Las luces LED han supuesto una auténtica revolución en la iluminación doméstica. Además del ahorro en el consumo, la versatilidad de este tipo de luces hace que en la práctica se pueda conseguir cualquier tipo de efecto en cualquier zona de la casa. Hay muchos tipos de LEDs y cada uno está pensado para tareas concretas. Saber elegir es fundamental ya que el precio de las bombillas LED suele ser mayor que el de las convencionales, con lo que es importante tener claro qué es lo que queremos obtener para elegir bien.

Bombillas tradicionales sin abandonar la calidez

Durante bastante tiempo algunas personas seguían utilizando bombillas incandescentes en ciertas zonas de la casa, como en los dormitorios (en el caso de las lámparas de la mesilla de noche por ejemplo) porque este tipo de bombillas proporcionaban una luz cálida, alejada de la fría luz blanca de los LEDs.
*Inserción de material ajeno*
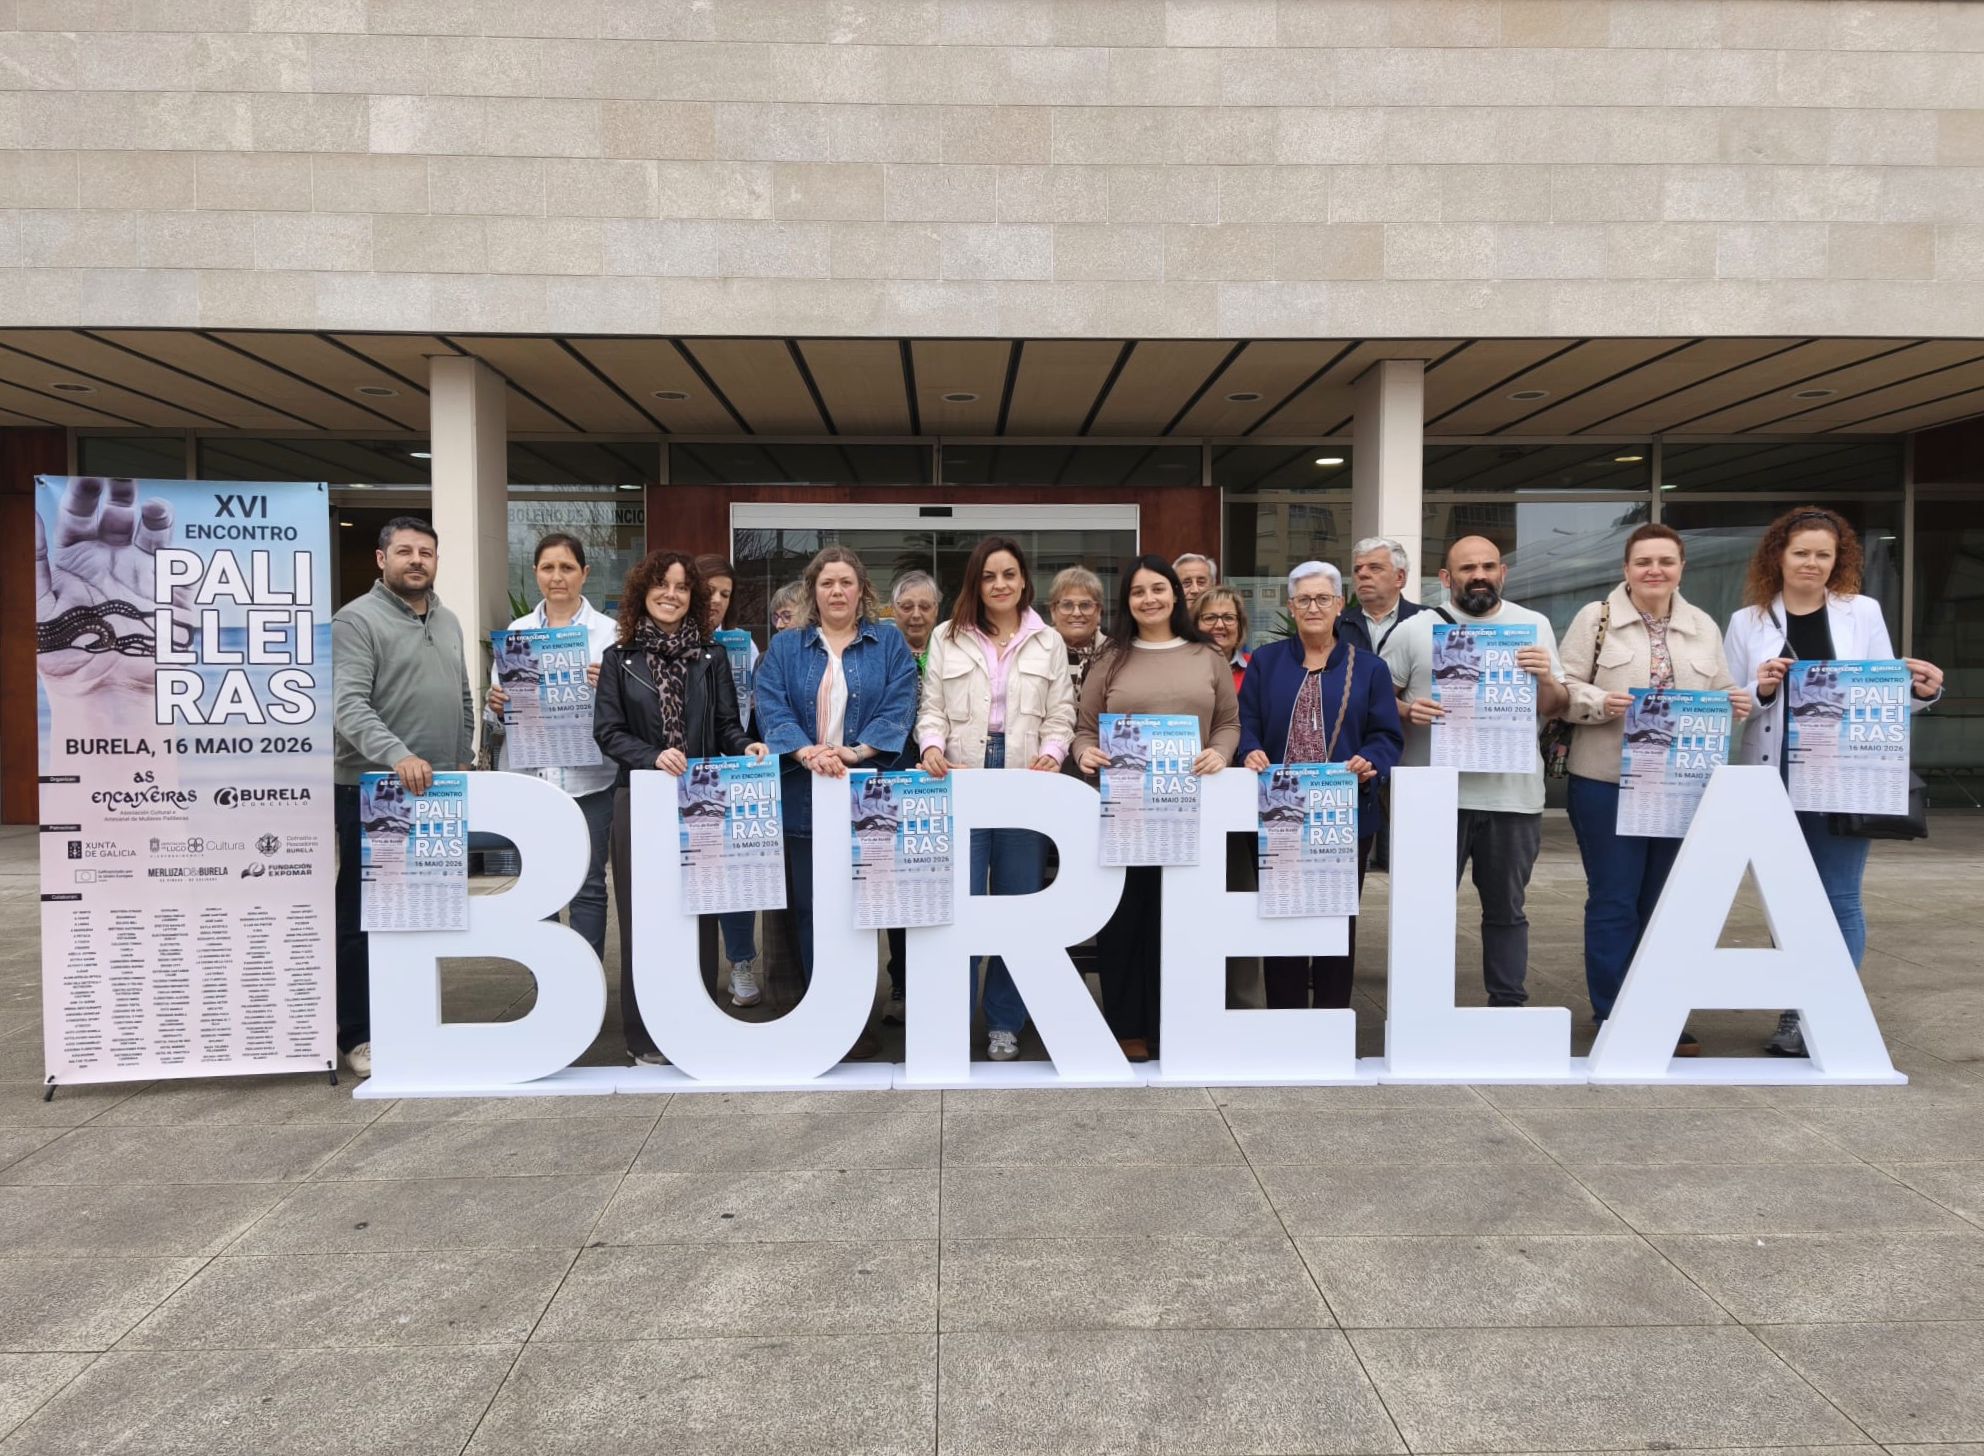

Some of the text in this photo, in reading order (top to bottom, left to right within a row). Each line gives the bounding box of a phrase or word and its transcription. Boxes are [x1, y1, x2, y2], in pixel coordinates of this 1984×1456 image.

En este caso el consumo no es lo importante, sino sentirse a gusto con la iluminación. No obstante los fabricantes se pusieron las pilas y ahora es muy fácil encontrar bombillas LED con luz cálida (más de 6000K) que nos proporcionan un ambiente mucho más agradable que las de luz fría (menos de 3000K). La luz fría puede ser más conveniente para algunas tareas como ambientes de trabajo o incluso una cocina, pero en el salón, en el dormitorio, en el pasillo… una luz fría crea un ambiente menos agradable. Simplemente echa un ojo a la temperatura indicada en la caja y olvídate de la luz blanca.
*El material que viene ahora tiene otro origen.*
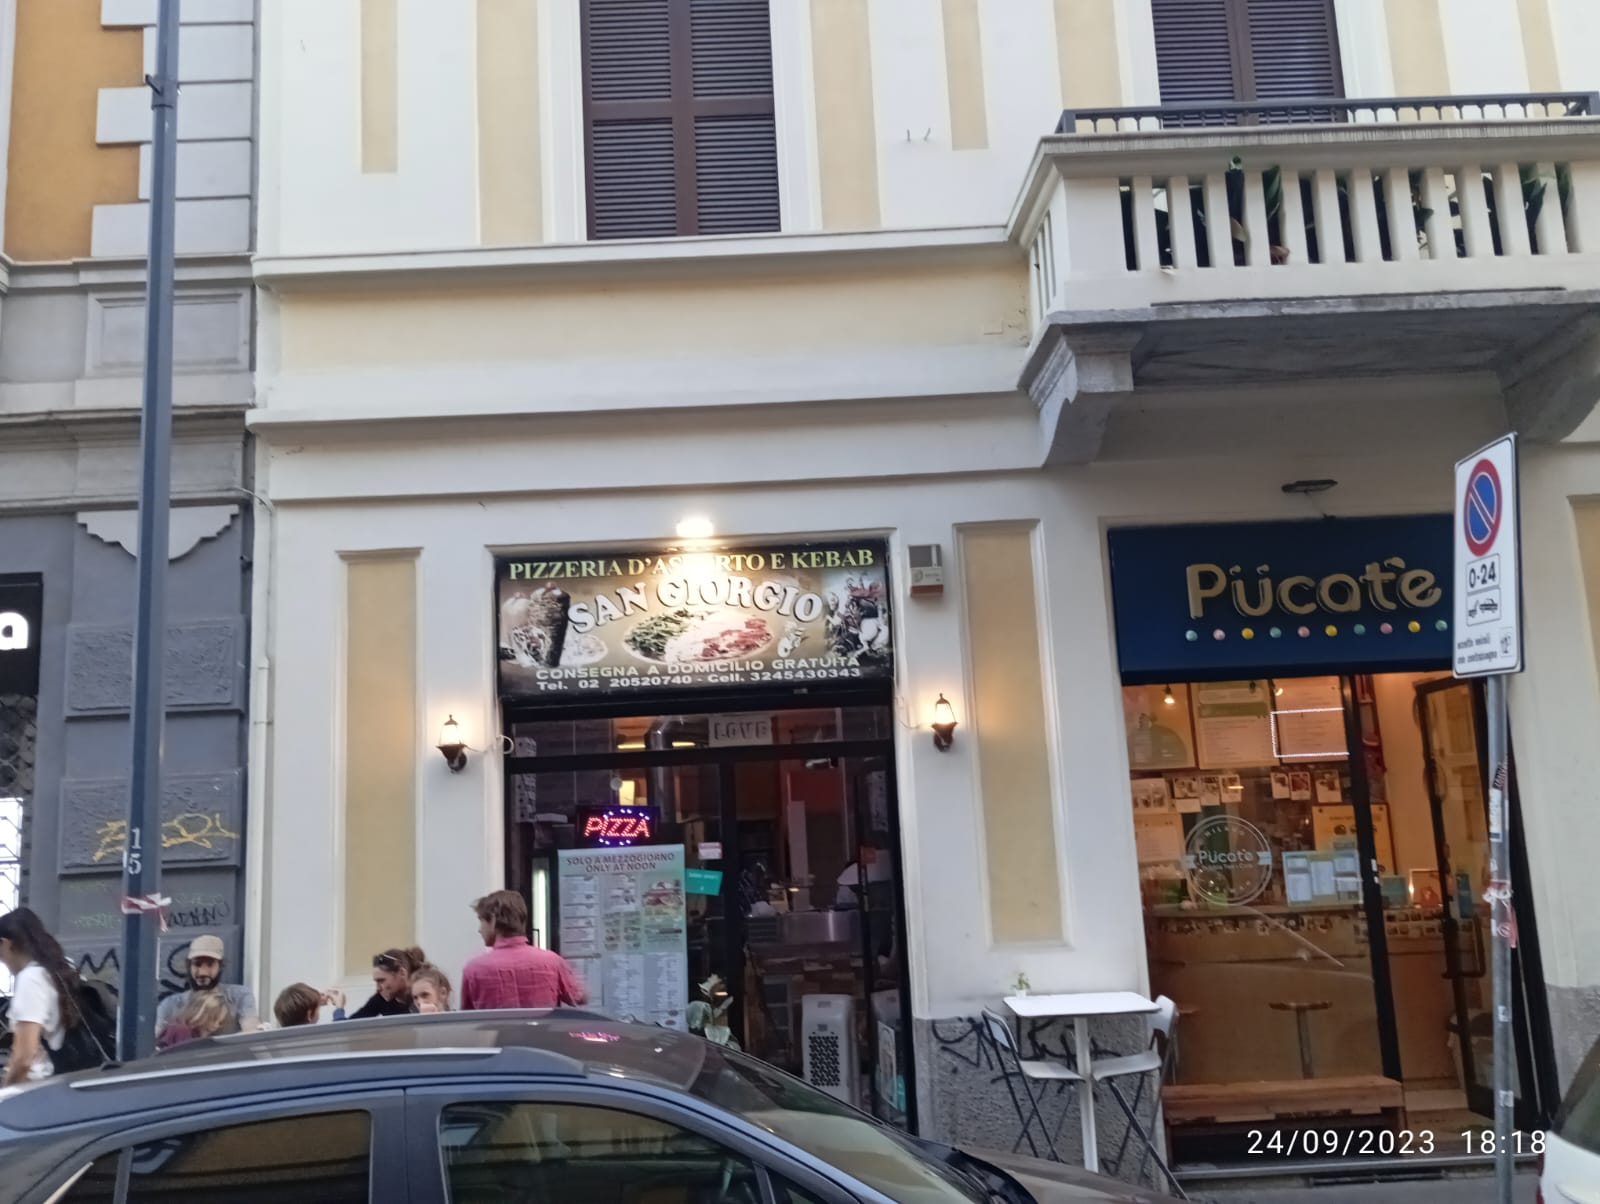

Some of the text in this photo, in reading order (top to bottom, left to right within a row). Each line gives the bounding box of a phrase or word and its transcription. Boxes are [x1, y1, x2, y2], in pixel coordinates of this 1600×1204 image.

[509, 549, 874, 580] PIZZERIA D'ASRTO E KEBAB
[1468, 560, 1497, 589] 0-24
[567, 575, 824, 634] SAN GIORGIO
[535, 656, 860, 681] CONSEGNA A DOMICILIO GRATUITA
[536, 681, 569, 691] Tel.
[578, 679, 600, 689] 02
[609, 675, 693, 688] 20520740
[707, 673, 745, 684] Cell.
[751, 667, 861, 682] 3245430343
[584, 816, 650, 838] PIZZA
[566, 852, 675, 866] SOLO A MEZZOGIORNO
[586, 862, 657, 873] ONLY AT NOON
Tiras de LED: máxima luminosidad en el mínimo espacio

Los LED tienen la ventaja de estar disponibles en múltiples tamaños y formas. Uno que llama la atención son las tiras de LED, hileras de pequeñísimas bombillas (generalmente de luz blanca) que dan mucha más luminosidad de lo que pudiera aparentar su tamaño. La utilidad para este tipo de luces es la de iluminar espacios de manera muy uniforme. Por ejemplo debajo de los armarios y las baldas de la cocina para iluminar toda la encimera, un pasillo, o incluso el hall de entrada de una casa. La ventaja de estas tiras es que se pueden colocar en cualquier posición. Un buen truco es ponerlas en el vértice de la pared con el techo. Las luces están tan altas que no molestan a los ojos y si la pintura de las paredes es blanca o de un color muy claro, la luz se esparce de manera uniforme y agradable. Otra ventaja es que no es necesario tener una lámpara o hacer agujeros en el techo para pasar el cable, basta con pegar las tiras encima de la pared o donde queramos para conseguir una iluminación de primera.

Bombillas regulables: dale color a tu hogar

Existen bombillas LED inteligentes que pueden adaptarse a cualquier situación. Son perfectas para la lámpara del salón o para una zona de la casa que no necesite mucha luz, pero sí un ambiente determinado. Por lo general estas bombillas cuentan con conexión directa con el móvil, con lo que sólo necesitarás una app y tu smartphone para sacarle todo el partido. Por ejemplo cambiar de un color a otro, programar una secuencia de encendido o apagado o incluso cambiar la intensidad de la luz. No siempre hacemos las mismas cosas en casa, con lo que lo ideal es que la iluminación se adapte a nuestros planes. Esta bombilla todoterrenos es perfecta para los que sepan sacarle partido.

Luces con detectores de presencia

En ocasiones lo que buscamos es lo práctico, además de lo bonito, con lo que también hay que pensar en soluciones que nos hagan la vida más fácil. Los detectores de presencia son algo bastante común desde hace años. En las entradas de los garajes o en algunos aseos se vienen usando con gran éxito. Pero la ventaja de los LED es que las posibilidades para el uso tanto dentro como fuera de casa de este tipo de iluminación, es enorme. Por ejemplo si tenemos niños, se puede marcar un camino por el pasillo, con luces de muy baja intensidad y consumo que les ayuden cuando quieren ir al baño por la noche. Otra idea es la iluminación en escaleras, desvanes o incluso armarios profundos y oscuros. Marcar el camino de entrada a la casa con bombillas que se recargan solas con energía solar, o incluso luces dentro de la ducha o el baño. Los LED pueden con eso y más.

Al final lo que más tiempo te llevará será pensar en qué tipo de iluminación te apetece, cuáles son tus necesidades y como te gustaría que se viera tu casa, ya que una vez pensado eso, llenarla de LED será la parte más fácil.